=== Data provided ===

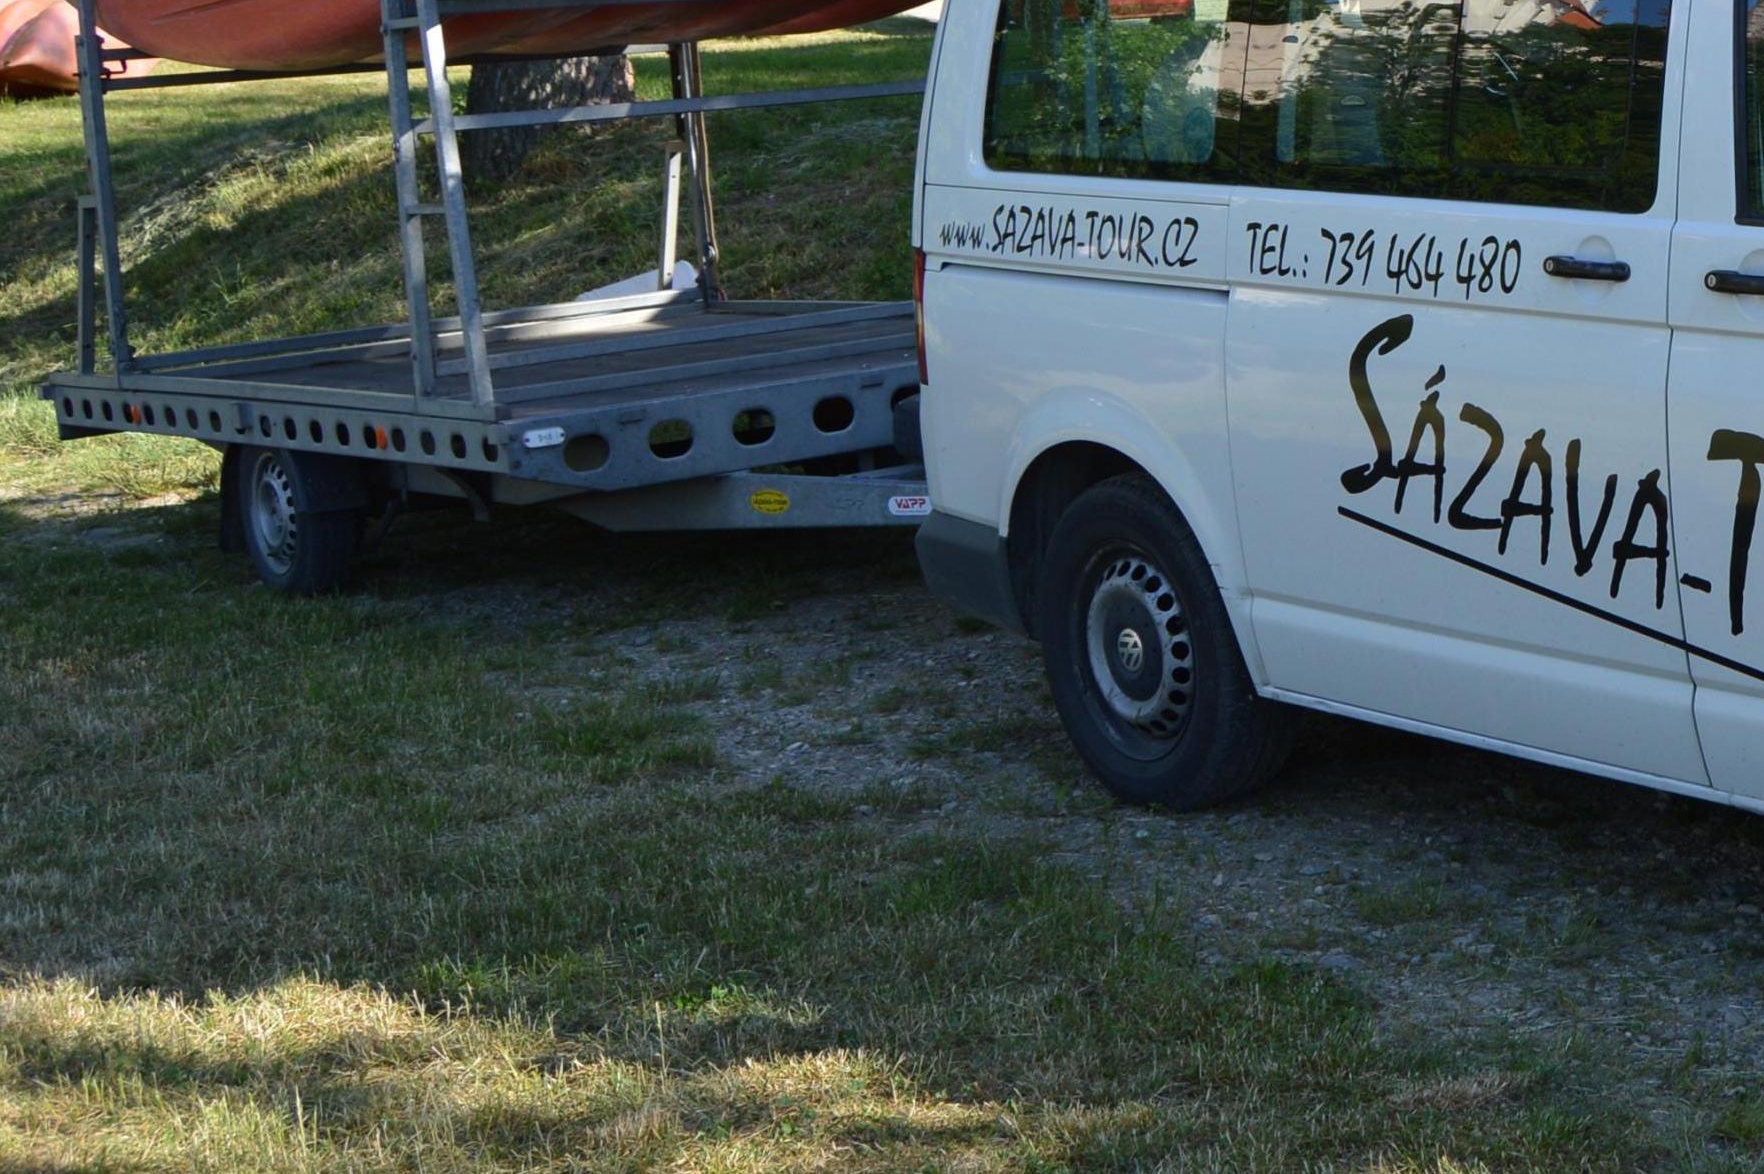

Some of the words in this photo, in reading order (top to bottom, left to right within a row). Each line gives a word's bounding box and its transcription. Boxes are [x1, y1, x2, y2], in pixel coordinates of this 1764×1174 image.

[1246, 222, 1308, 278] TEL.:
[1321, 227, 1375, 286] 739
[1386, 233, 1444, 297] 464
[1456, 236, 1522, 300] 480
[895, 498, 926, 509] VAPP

===
=== Data provided ===

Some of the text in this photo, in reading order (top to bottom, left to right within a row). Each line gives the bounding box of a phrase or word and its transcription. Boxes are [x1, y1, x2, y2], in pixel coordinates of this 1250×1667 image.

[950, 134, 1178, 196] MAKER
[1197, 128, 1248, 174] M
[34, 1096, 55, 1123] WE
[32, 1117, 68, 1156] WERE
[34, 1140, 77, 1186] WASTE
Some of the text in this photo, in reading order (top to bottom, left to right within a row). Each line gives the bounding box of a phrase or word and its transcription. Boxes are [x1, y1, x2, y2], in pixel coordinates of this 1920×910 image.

===

● **Problem to solve**
Taking the entries above, write out exactly the lines starting with the line containing "this 1250×1667 image." and going on through the line containing "this 1920×910 image.", both included, and nothing else.

● **Task solution**
Some of the text in this photo, in reading order (top to bottom, left to right within a row). Each line gives the bounding box of a phrase or word and its transcription. Boxes are [x1, y1, x2, y2], in pixel coordinates of this 1250×1667 image.

[950, 134, 1178, 196] MAKER
[1197, 128, 1248, 174] M
[34, 1096, 55, 1123] WE
[32, 1117, 68, 1156] WERE
[34, 1140, 77, 1186] WASTE
Some of the text in this photo, in reading order (top to bottom, left to right within a row). Each line gives the bounding box of a phrase or word and its transcription. Boxes are [x1, y1, x2, y2], in pixel coordinates of this 1920×910 image.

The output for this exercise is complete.